● EXCERPTED RECORDS:
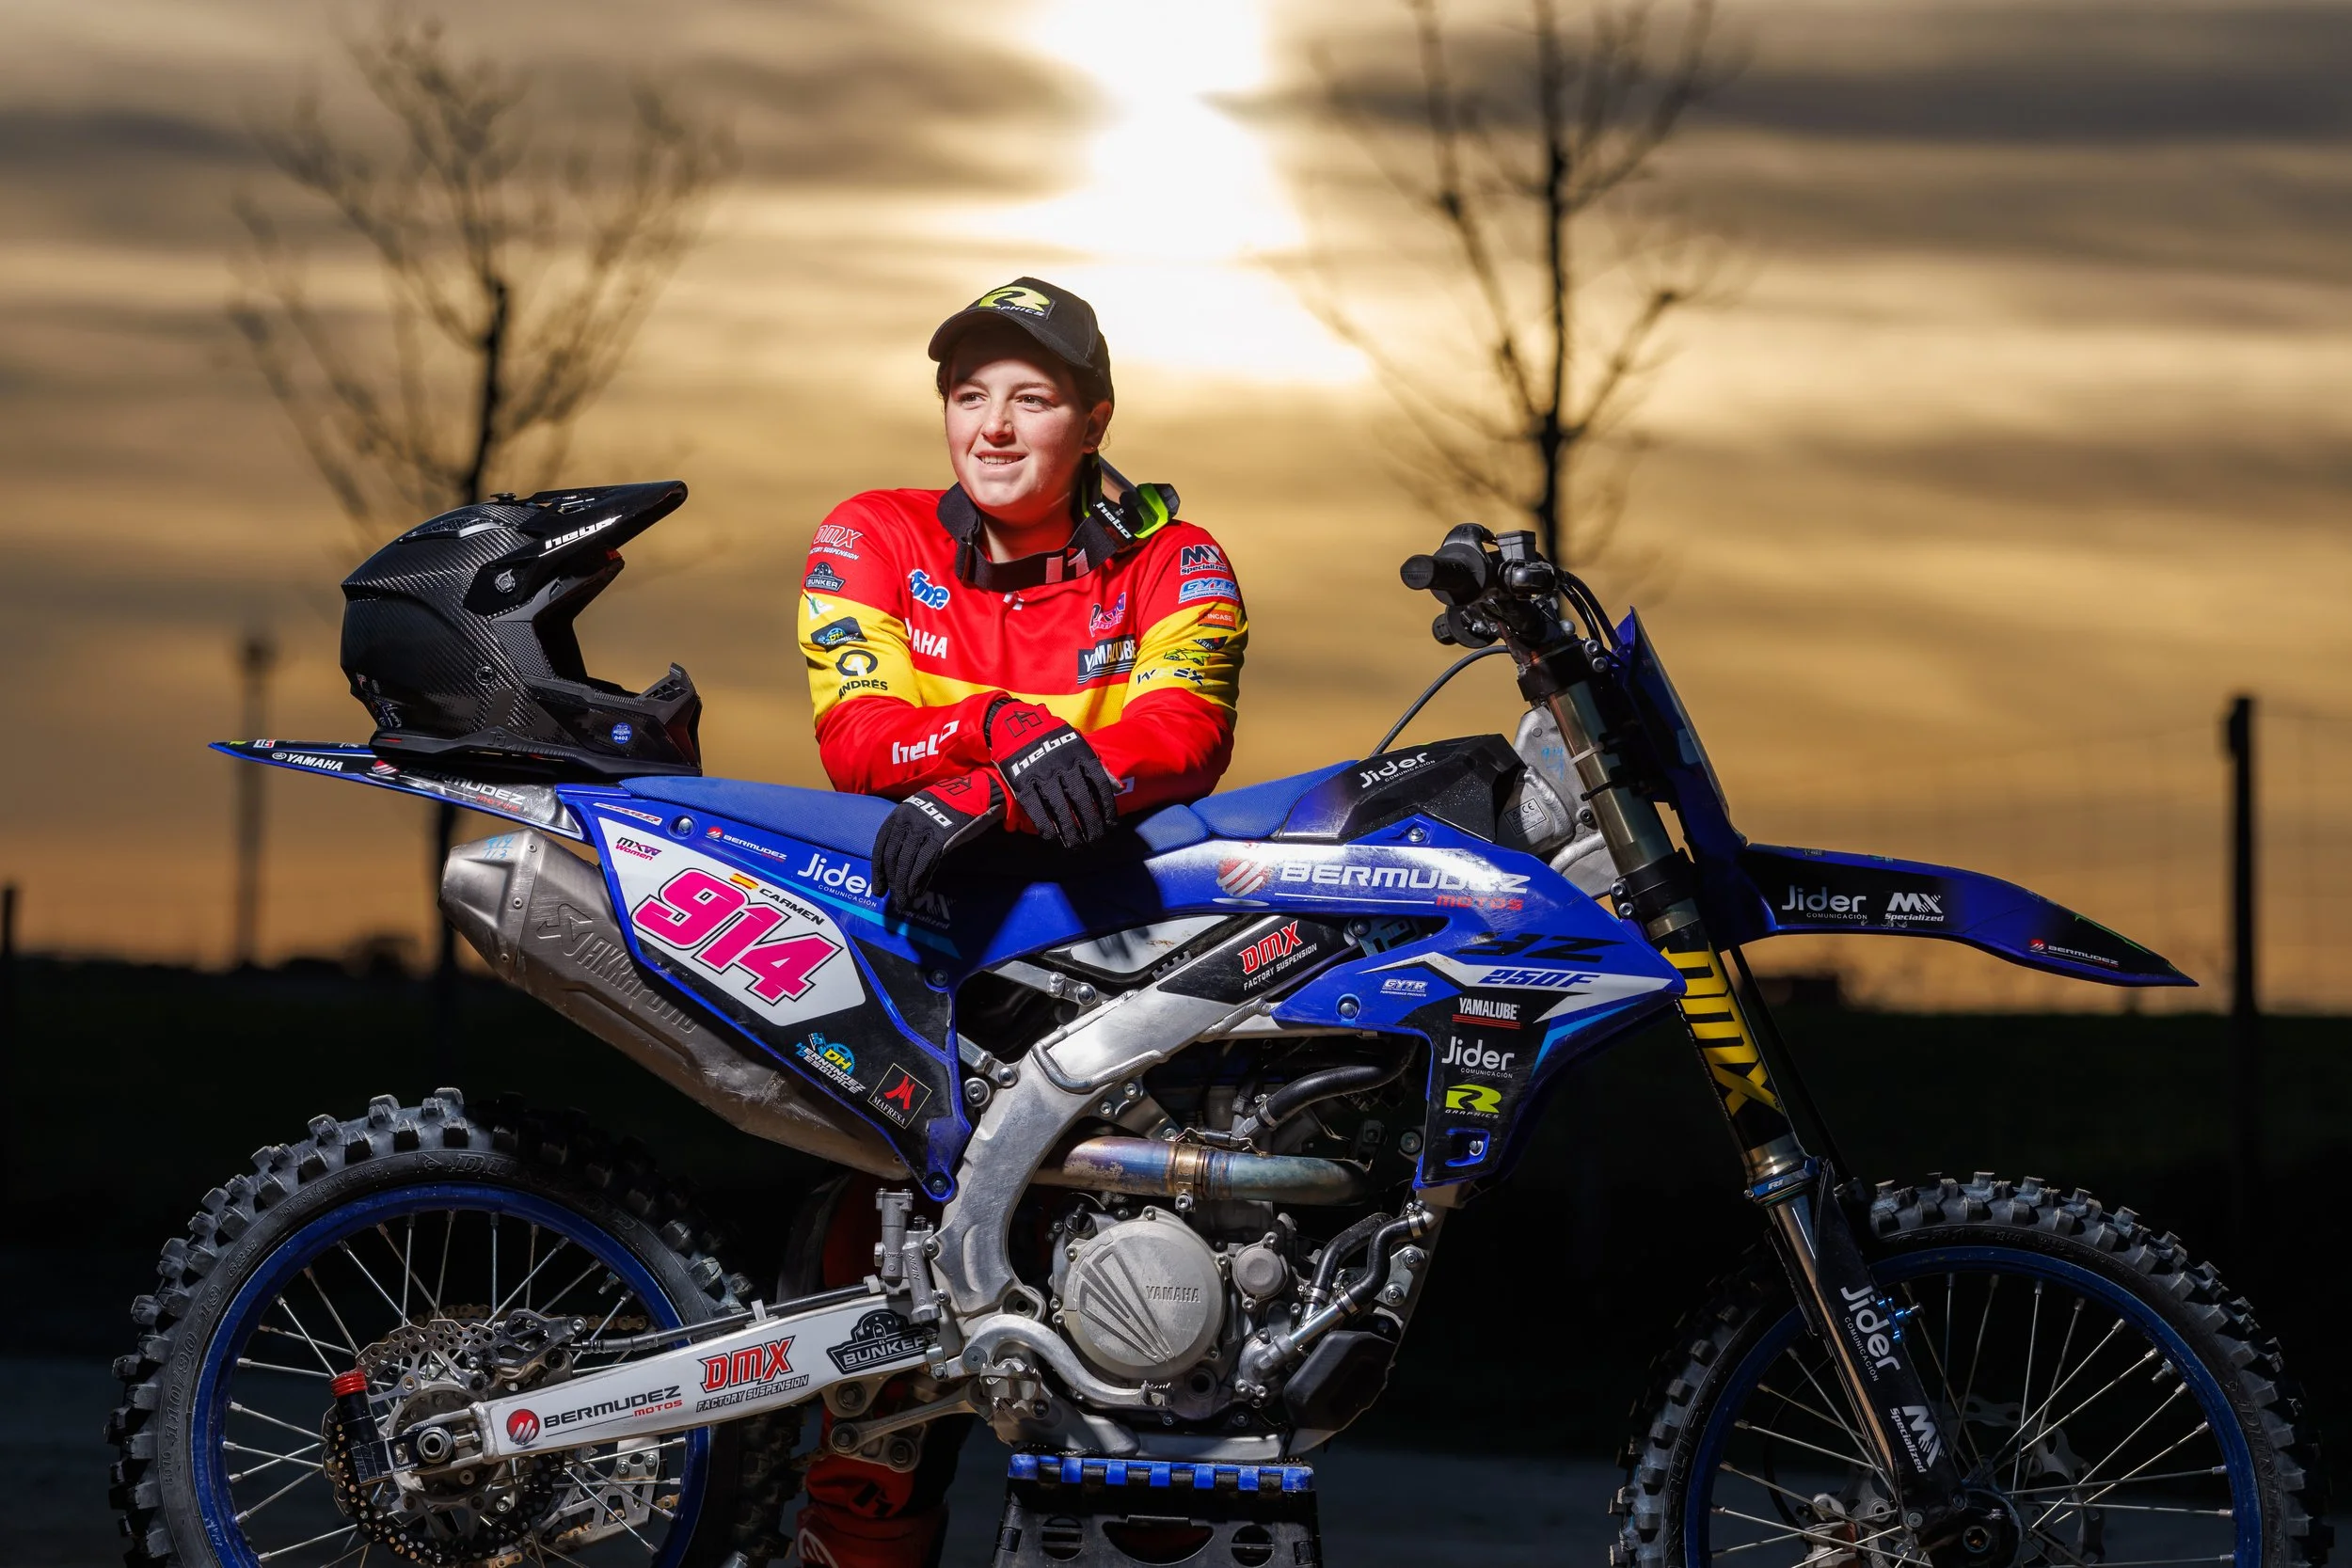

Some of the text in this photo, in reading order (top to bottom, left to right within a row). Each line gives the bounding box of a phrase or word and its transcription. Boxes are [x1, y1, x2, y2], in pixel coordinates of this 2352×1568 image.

[546, 515, 622, 549] hebo
[1096, 501, 1133, 539] hebo
[905, 617, 948, 659] AHA
[838, 679, 888, 700] ANDRÉS
[287, 753, 343, 772] YAMAHA
[1009, 731, 1078, 778] hebo
[1359, 752, 1427, 788] Jider
[615, 844, 654, 861] Women
[723, 833, 787, 861] BERMUDEZ
[1280, 863, 1532, 895] BERMUDZ
[759, 887, 826, 927] CARMEN
[818, 883, 878, 909] COMUNICACIÓN
[1436, 894, 1524, 911] MOTOS
[1781, 884, 1867, 913] Jider
[1806, 911, 1868, 921] COMUNICACIÓN
[1884, 912, 1945, 922] Specialized
[631, 867, 844, 1006] 914
[1237, 920, 1304, 975] DMX
[1243, 942, 1318, 991] FACTORY SUSPENSION
[2047, 944, 2120, 966] BERMUDEZ
[1383, 978, 1429, 990] GYTR
[1477, 969, 1602, 988] 250F
[823, 1049, 853, 1071] DH
[1441, 1036, 1515, 1070] Jider
[1460, 1067, 1514, 1079] COMUNICACIÓN
[871, 1095, 906, 1126] MAFRESA
[1444, 1109, 1500, 1119] GRAPHICS
[1146, 1285, 1201, 1304] YAMAHA
[1840, 1285, 1901, 1372] Jider
[696, 1334, 797, 1393] DMX
[1844, 1316, 1880, 1383] COMUNICACIÓN
[544, 1385, 681, 1429] BERMUDEZ
[633, 1399, 683, 1418] MOTOS
[696, 1373, 810, 1413] FACTORY SUSPENSION
[1889, 1406, 1927, 1474] Specialized

● TASK ITEM: Extract the full listing above verbatim; pictures are to be left out of the copy.

● ANSWER TO THIS EXERCISE:
Some of the text in this photo, in reading order (top to bottom, left to right within a row). Each line gives the bounding box of a phrase or word and its transcription. Boxes are [x1, y1, x2, y2], in pixel coordinates of this 2352×1568 image.

[546, 515, 622, 549] hebo
[1096, 501, 1133, 539] hebo
[905, 617, 948, 659] AHA
[838, 679, 888, 700] ANDRÉS
[287, 753, 343, 772] YAMAHA
[1009, 731, 1078, 778] hebo
[1359, 752, 1427, 788] Jider
[615, 844, 654, 861] Women
[723, 833, 787, 861] BERMUDEZ
[1280, 863, 1532, 895] BERMUDZ
[759, 887, 826, 927] CARMEN
[818, 883, 878, 909] COMUNICACIÓN
[1436, 894, 1524, 911] MOTOS
[1781, 884, 1867, 913] Jider
[1806, 911, 1868, 921] COMUNICACIÓN
[1884, 912, 1945, 922] Specialized
[631, 867, 844, 1006] 914
[1237, 920, 1304, 975] DMX
[1243, 942, 1318, 991] FACTORY SUSPENSION
[2047, 944, 2120, 966] BERMUDEZ
[1383, 978, 1429, 990] GYTR
[1477, 969, 1602, 988] 250F
[823, 1049, 853, 1071] DH
[1441, 1036, 1515, 1070] Jider
[1460, 1067, 1514, 1079] COMUNICACIÓN
[871, 1095, 906, 1126] MAFRESA
[1444, 1109, 1500, 1119] GRAPHICS
[1146, 1285, 1201, 1304] YAMAHA
[1840, 1285, 1901, 1372] Jider
[696, 1334, 797, 1393] DMX
[1844, 1316, 1880, 1383] COMUNICACIÓN
[544, 1385, 681, 1429] BERMUDEZ
[633, 1399, 683, 1418] MOTOS
[696, 1373, 810, 1413] FACTORY SUSPENSION
[1889, 1406, 1927, 1474] Specialized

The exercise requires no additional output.